One of the most common chromosomal deletions is a loss of genetic
material from the long arm of chromosome 18. Most individuals with this
condition exhibit mental retardation (68%), yet previous attempts to link
cognitive status to deletion size have not shown an association, possibly
because cases with additional genetic abnormalities were included. We
studied 46 participants ranging from 3 to 35 years of age who had a pure
genetic abnormality by excluding those with mosaicism or complex genetic
rearrangements. Our patients had terminal deletions ranging from a
proximal breakpoint at 18q21.1 (greater genetic abnormality, larger
deletion size) to a more distal breakpoint at 18q23 characterized with
molecular genetic techniques. Cognitive ability, assessed with the
age-appropriate measure (Bayley, 1993,
Differential Ability Scale, Wechsler Scales), ranged from IQ = 49 to 113,
with a predominance of mild and moderate mental retardation. Using
multivariate regression, deletion size breakpoint rank order was predicted
by cognitive ability, age, and adaptive behavior (Vineland Adaptive
Behavior Scales), accounting for 36% of the variance in deletion size.

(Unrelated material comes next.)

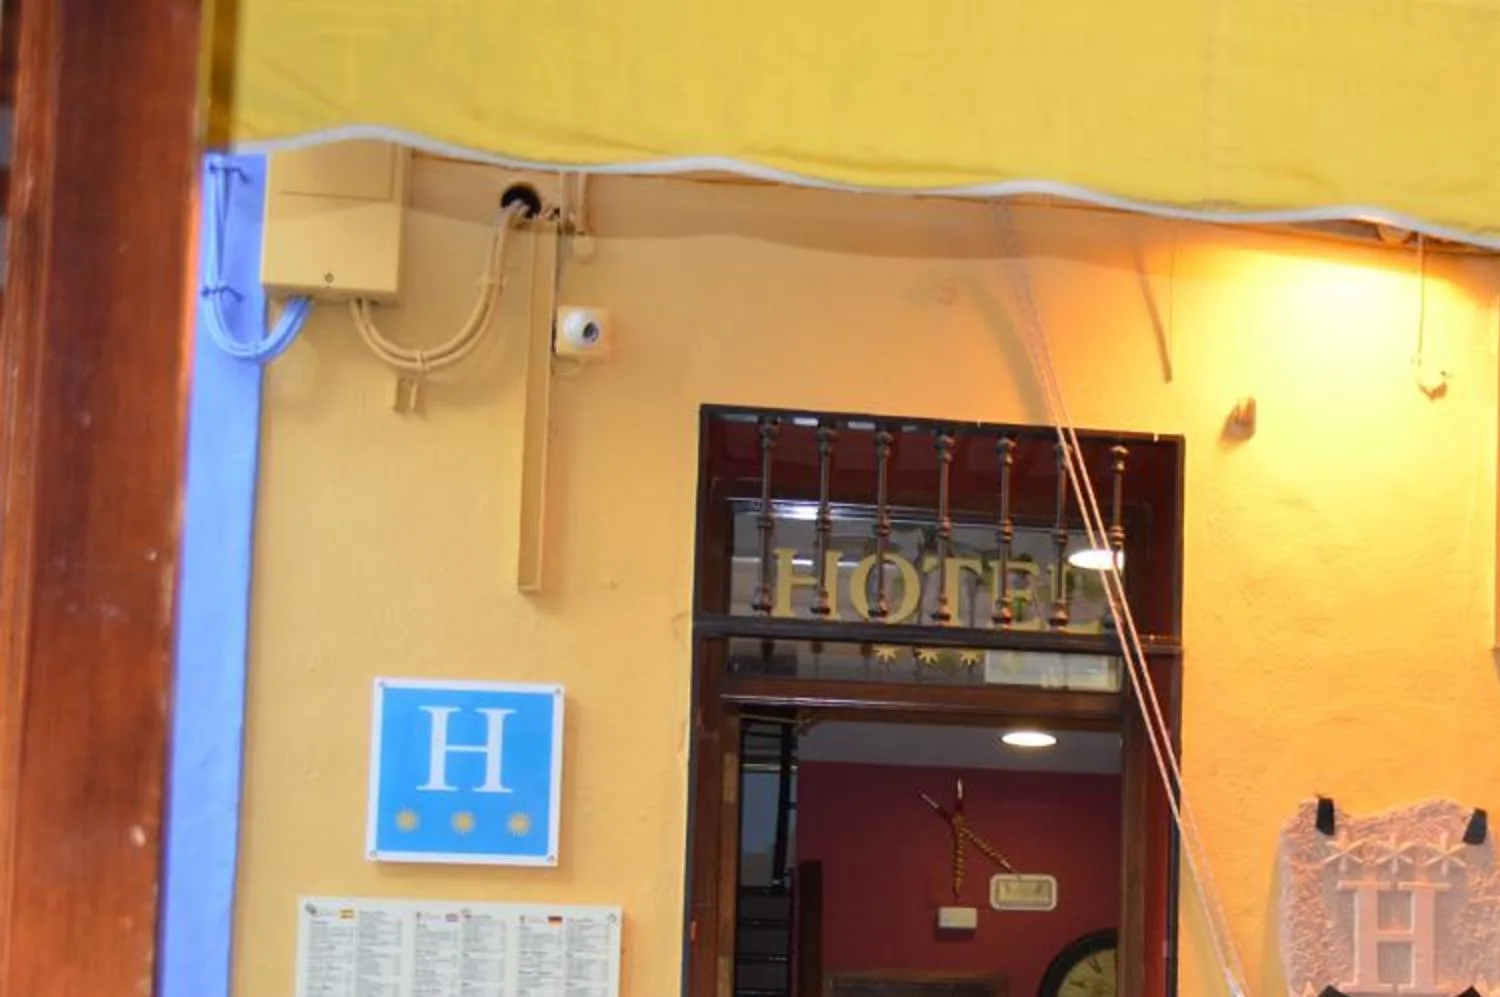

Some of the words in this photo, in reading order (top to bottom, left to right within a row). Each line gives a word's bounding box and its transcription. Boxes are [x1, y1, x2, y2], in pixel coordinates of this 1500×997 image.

However, lower cognitive ability (beta = .34, p = .032) and
younger age (beta = .296, p = .024) predicted a larger deletion
size, but adaptive behavior (beta = .225, p = .15) did not. An
additional multivariate regression showed that cognitive ability and age
together accounted for 33% of the variance in deletion size, whereas
univariate regression showed that cognitive ability accounted for 26% of
the variance and age accounted for 11% of the variance. These findings
suggest that degree of cognitive impairment is associated with genetic
abnormality when a large sample of individuals with “pure”
deletions of genetic material from chromosome 18 is examined.